×

飲食店で深刻化する人手不足「しばらくの間、臨時休業」も… 人が集まらないワケ

2023年1月31日 21:48
飲食店で深刻化する人手不足「しばらくの間、臨時休業」も… 人が集まらないワケ

今、飲食店の人手不足が深刻化しています。ある調査によると、飲食店の7割以上が非正規社員の人手不足を訴えているという結果も…。こうした中、都内の飲食店では、ロボットが人の代わりに調理を行っていました。“猫の手”ならぬ“ロボットの手も借りたい“ほど人手不足の危機に直面する飲食店を取材しました。

     ◇

今、飲食店に異変が起きています。東京・豊島区の飲食店には1枚の紙が貼られていました。そこには“人員不足のため、しばらくの間、臨時休業する”と書かれていました。人がいないため営業ができず、店は休業していました。
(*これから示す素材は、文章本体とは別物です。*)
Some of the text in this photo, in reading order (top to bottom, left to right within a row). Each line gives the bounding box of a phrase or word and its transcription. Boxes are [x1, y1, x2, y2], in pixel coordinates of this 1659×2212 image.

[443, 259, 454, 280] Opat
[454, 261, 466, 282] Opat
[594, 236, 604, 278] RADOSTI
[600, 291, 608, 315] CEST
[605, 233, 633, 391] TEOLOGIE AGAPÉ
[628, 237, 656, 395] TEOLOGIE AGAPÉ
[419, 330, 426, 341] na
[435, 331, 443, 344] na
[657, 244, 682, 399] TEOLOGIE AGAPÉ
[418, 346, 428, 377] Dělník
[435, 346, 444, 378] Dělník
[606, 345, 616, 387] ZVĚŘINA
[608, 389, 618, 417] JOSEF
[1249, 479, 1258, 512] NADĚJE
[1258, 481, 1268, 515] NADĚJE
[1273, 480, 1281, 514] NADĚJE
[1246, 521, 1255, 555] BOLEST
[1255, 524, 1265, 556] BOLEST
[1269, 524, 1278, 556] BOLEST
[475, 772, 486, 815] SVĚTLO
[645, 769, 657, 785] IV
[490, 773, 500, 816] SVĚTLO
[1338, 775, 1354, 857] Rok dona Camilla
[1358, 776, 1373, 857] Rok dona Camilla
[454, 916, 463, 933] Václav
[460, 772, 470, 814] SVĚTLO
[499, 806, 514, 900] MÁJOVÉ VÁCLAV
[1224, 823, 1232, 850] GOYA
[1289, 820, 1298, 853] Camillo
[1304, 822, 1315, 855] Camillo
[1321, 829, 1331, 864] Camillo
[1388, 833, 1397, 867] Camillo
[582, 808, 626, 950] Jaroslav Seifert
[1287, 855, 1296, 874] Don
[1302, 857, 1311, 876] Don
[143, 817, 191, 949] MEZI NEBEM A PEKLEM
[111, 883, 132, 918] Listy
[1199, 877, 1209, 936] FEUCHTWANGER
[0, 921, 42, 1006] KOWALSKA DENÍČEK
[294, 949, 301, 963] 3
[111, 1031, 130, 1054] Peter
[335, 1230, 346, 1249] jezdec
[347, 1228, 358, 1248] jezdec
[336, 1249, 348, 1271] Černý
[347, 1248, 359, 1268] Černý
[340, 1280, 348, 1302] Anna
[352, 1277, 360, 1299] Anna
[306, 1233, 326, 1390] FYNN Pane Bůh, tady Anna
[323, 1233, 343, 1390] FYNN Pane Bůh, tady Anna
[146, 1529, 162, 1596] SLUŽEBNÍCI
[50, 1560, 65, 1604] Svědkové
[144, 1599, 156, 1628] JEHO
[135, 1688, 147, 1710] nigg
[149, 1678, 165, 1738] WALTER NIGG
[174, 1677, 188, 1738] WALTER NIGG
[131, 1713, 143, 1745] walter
さらに街を歩くと、アルバイトを緊急募集したり、人手不足で開店時間を遅らせたりする店もありました。実は今、飲食店の人手不足が相次いでいるのです。

     ◇

東京・文京区にある「拉麺五瞭」は、牛骨のスープで作ったラーメンを売りにしています。この店では2022年夏ごろから、求人をかけても応募する人が来ないといいます。

拉麺五瞭 加藤聡明店主
「年中無休で営業していたんですけど、もう定休日を作らないと、どうしようもなくなって。あと営業時間を短縮させていただいて…」

さらに1人で切り盛りしているため、心配事もあるといいます。

拉麺五瞭 加藤聡明店主
「『あそこ、提供が遅いから行くのやめようかな』と。負のサイクルで、売り上げが低下している」

     ◇

東京・豊島区のイタリアンレストラン「パスタ エ ヴィーノ・ケイ」でも、人手不足が発生しています。

パスタ エ ヴィーノ・ケイ 岩井圭店主
「全然、募集しても来なかったです。数か月、来なくて、どうしていいのかと非常に途方に暮れていました」

2022年の夏ごろまでは「賄い付き」の条件で募集しても、応募がない日が続いていたといいます。また人手不足のため、臨時休業することもありました。最近は大学生のアルバイトが入り、何とか営業することができているといいますが、オーナーシェフは不安を訴えました。

パスタ エ ヴィーノ・ケイ 岩井圭店主
「3月くらいで(アルバイトの)大学生がやめてしまうので、(また)1人でやらなくてはいけないことが続く可能性があるなというのは不安です」

     ◇

深刻化する飲食店の人手不足。帝国データバンクが調査した2022年の「非正規社員の人手不足の割合」によると、全国にある飲食店の76.3%が「非正規社員の人手が足りていない」といい、その数は年々増えています。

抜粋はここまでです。